----- Data for this exercise

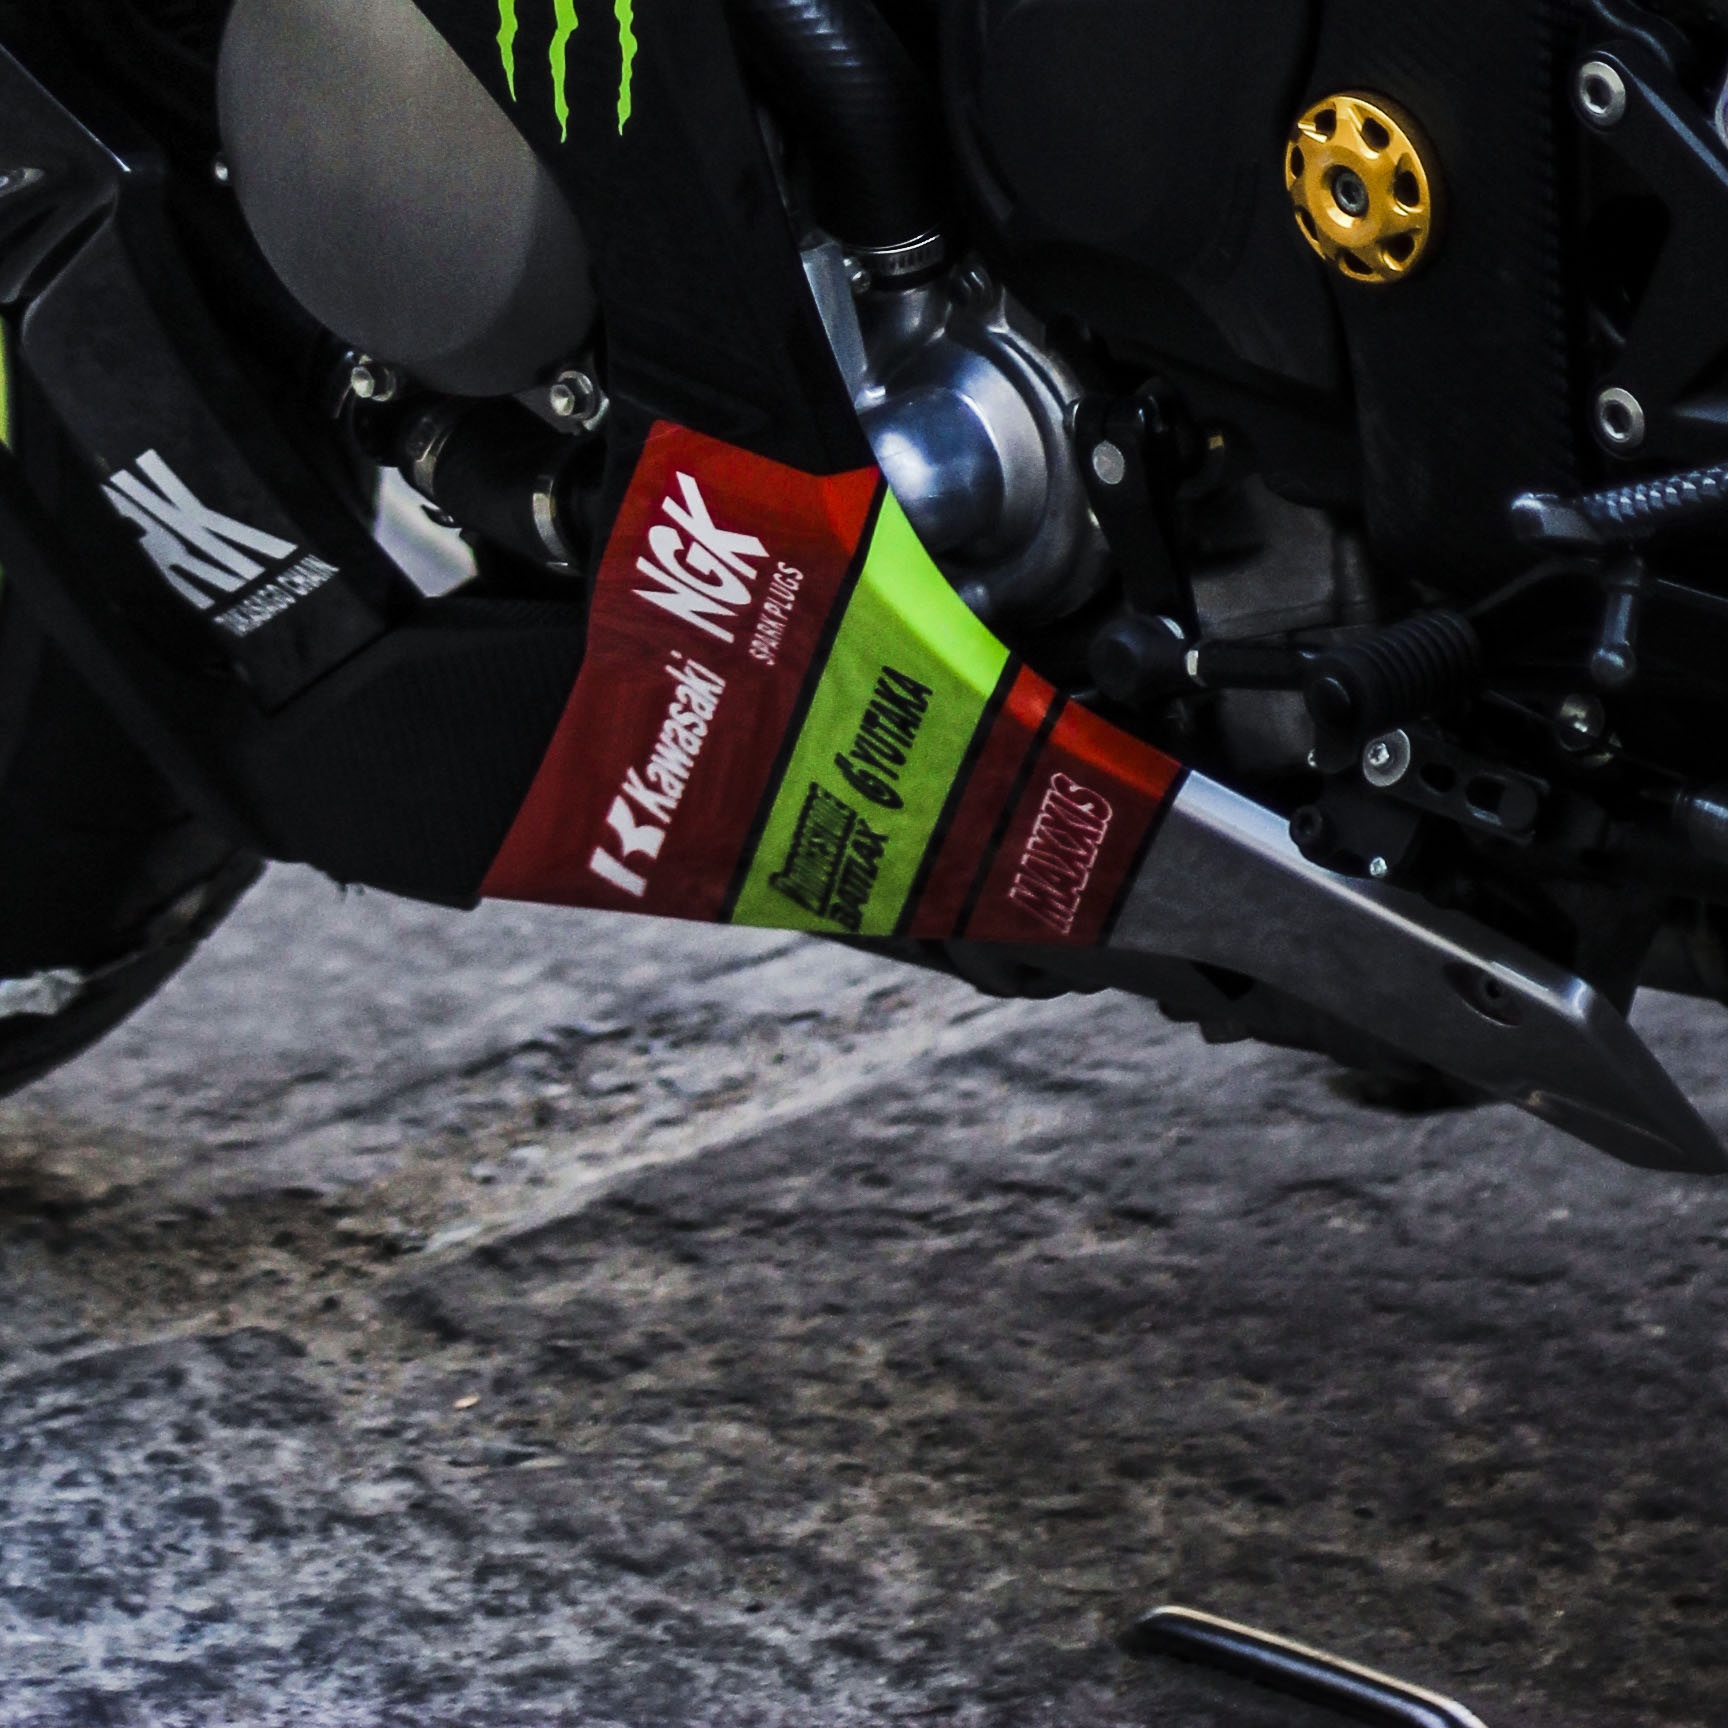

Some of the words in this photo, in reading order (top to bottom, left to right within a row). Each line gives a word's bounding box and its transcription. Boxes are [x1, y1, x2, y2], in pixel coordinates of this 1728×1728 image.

[632, 471, 770, 643] NGK
[765, 561, 804, 621] PLUGS
[748, 613, 784, 665] SPARK
[623, 651, 726, 826] Kawasaki
[1010, 772, 1113, 935] MAXXIS
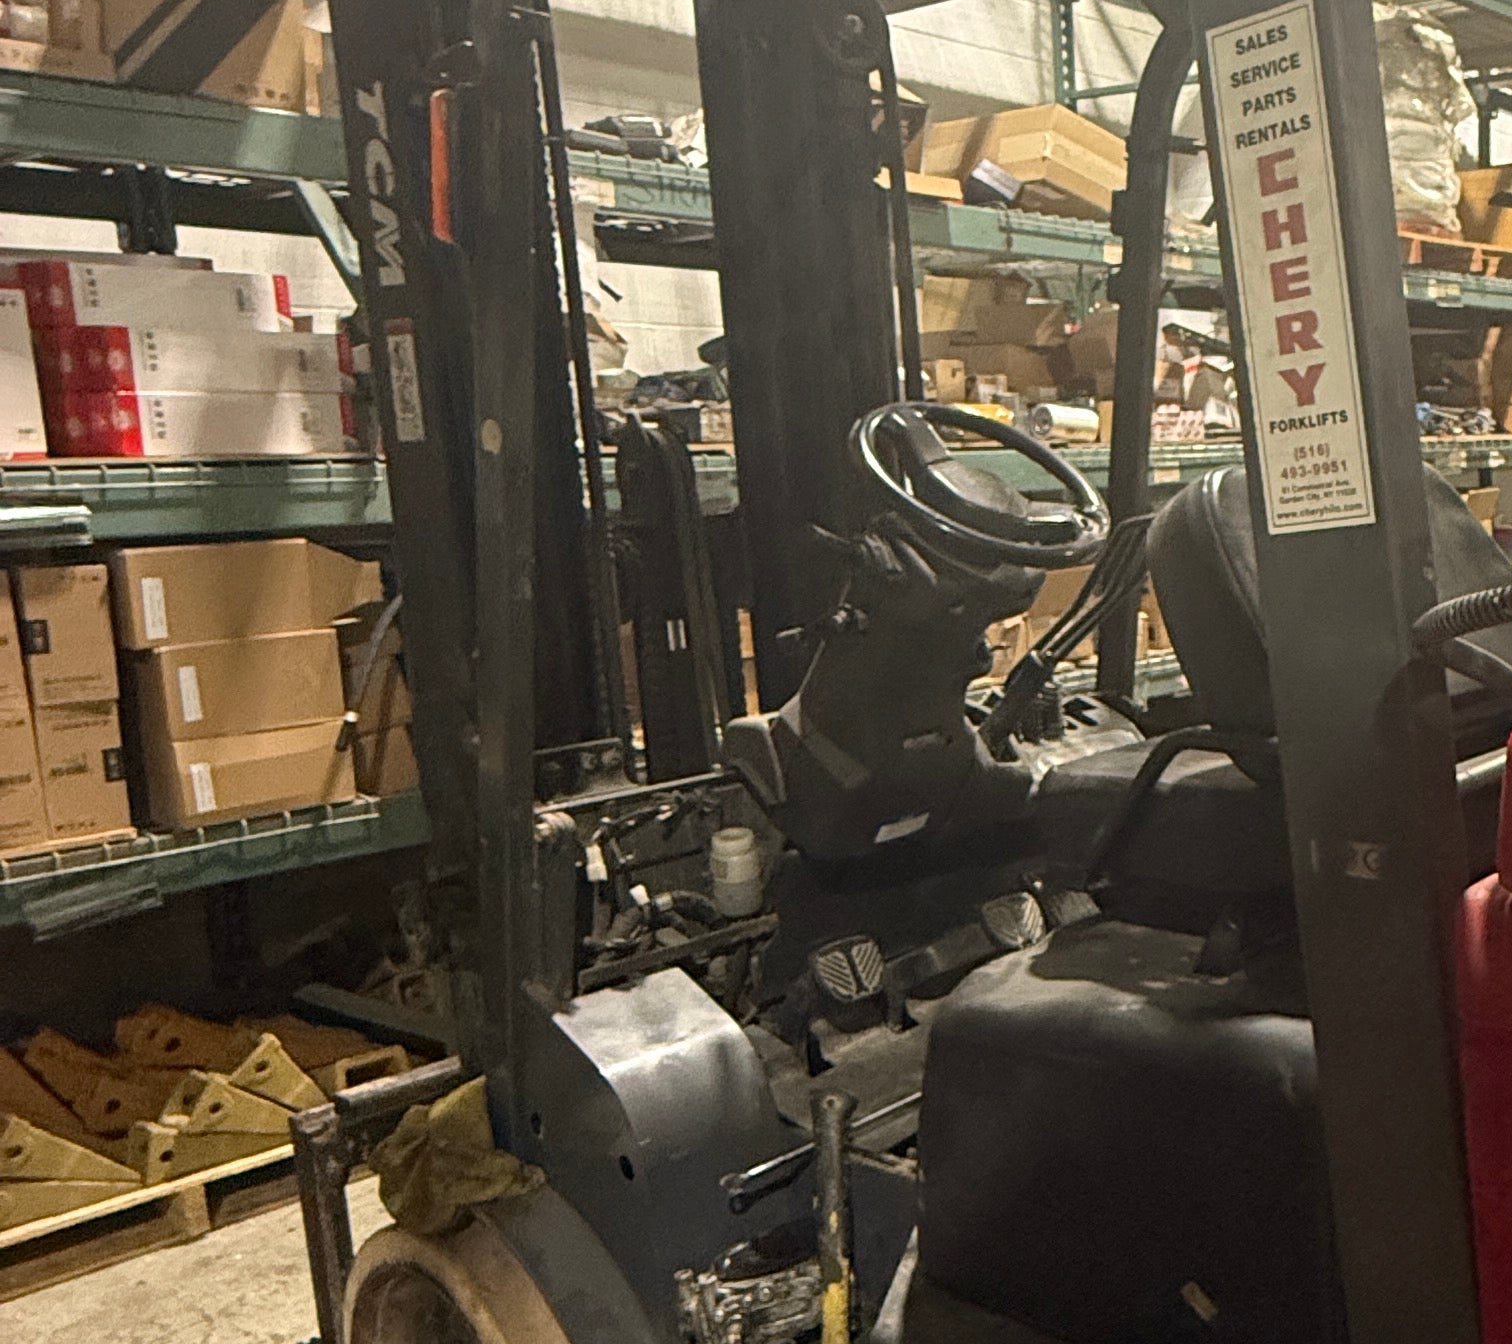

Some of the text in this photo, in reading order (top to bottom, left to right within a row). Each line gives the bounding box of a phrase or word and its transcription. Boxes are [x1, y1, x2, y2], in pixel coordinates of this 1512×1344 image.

[1235, 24, 1288, 55] SALES
[1230, 52, 1301, 88] SERVICE
[1241, 86, 1297, 117] PARTS
[1235, 114, 1311, 149] RENTALS
[356, 79, 406, 286] TCM
[1256, 147, 1327, 407] CHERY
[1269, 409, 1348, 435] FORKLIFTS
[1293, 442, 1330, 462] (516)
[1281, 459, 1347, 480] 493-9951
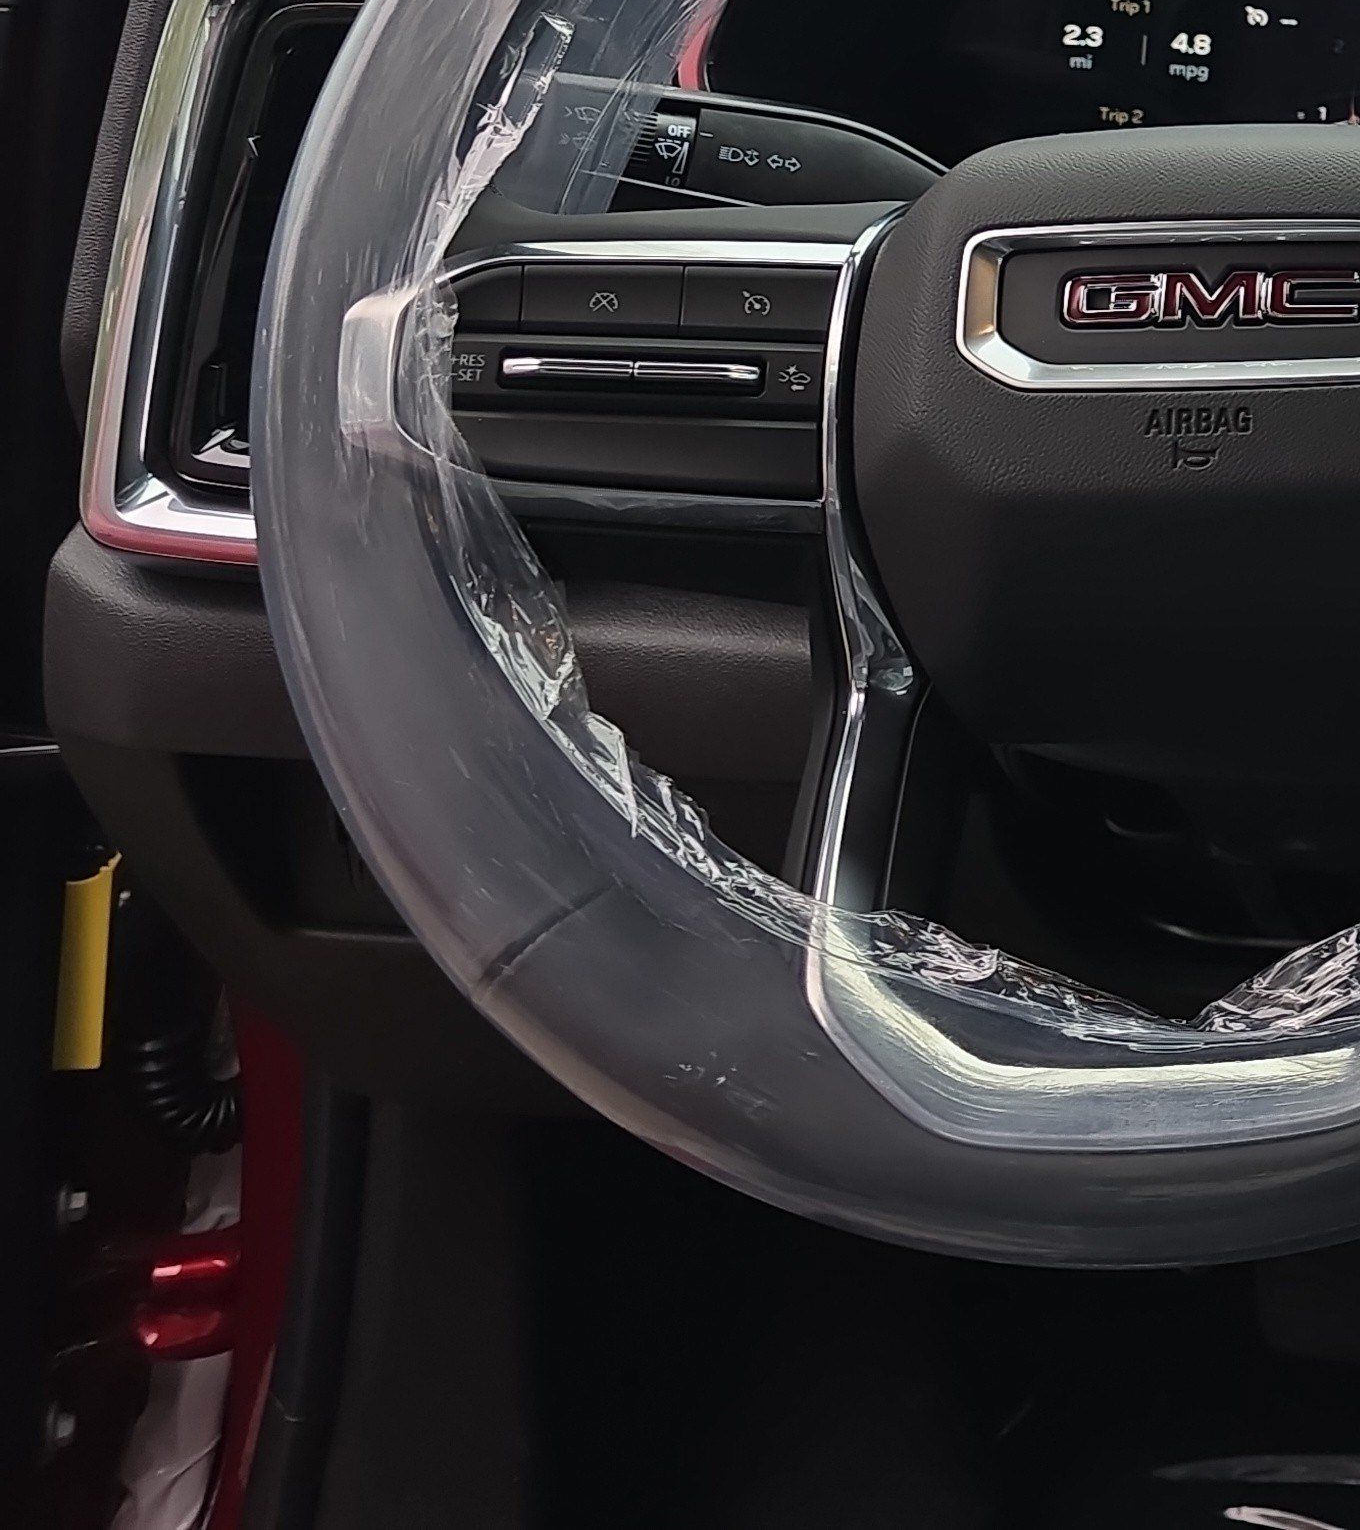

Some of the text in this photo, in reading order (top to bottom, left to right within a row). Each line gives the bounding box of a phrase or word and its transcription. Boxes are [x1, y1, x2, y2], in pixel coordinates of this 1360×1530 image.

----------

:: Work task ::
Write out the data above in full and exactly, but without the pictures.

:: Exercise result ::
Some of the words in this photo, in reading order (top to bottom, left to right within a row). Each line gives a word's bounding box and its transcription. Boxes are [x1, y1, x2, y2], in pixel coordinates of this 1728×1728 image.

[632, 471, 770, 643] NGK
[765, 561, 804, 621] PLUGS
[748, 613, 784, 665] SPARK
[623, 651, 726, 826] Kawasaki
[1010, 772, 1113, 935] MAXXIS

Some of the text in this photo, in reading order (top to bottom, left to right within a row). Each line gives the bounding box of a phrase or word and its transcription. Boxes are [x1, y1, x2, y2], in pixel coordinates of this 1512×1344 image.

[1235, 24, 1288, 55] SALES
[1230, 52, 1301, 88] SERVICE
[1241, 86, 1297, 117] PARTS
[1235, 114, 1311, 149] RENTALS
[356, 79, 406, 286] TCM
[1256, 147, 1327, 407] CHERY
[1269, 409, 1348, 435] FORKLIFTS
[1293, 442, 1330, 462] (516)
[1281, 459, 1347, 480] 493-9951

Some of the text in this photo, in reading order (top to bottom, left to right within a row). Each line gives the bounding box of a phrase or word and its transcription. Boxes are [x1, y1, x2, y2], in pixel coordinates of this 1360×1530 image.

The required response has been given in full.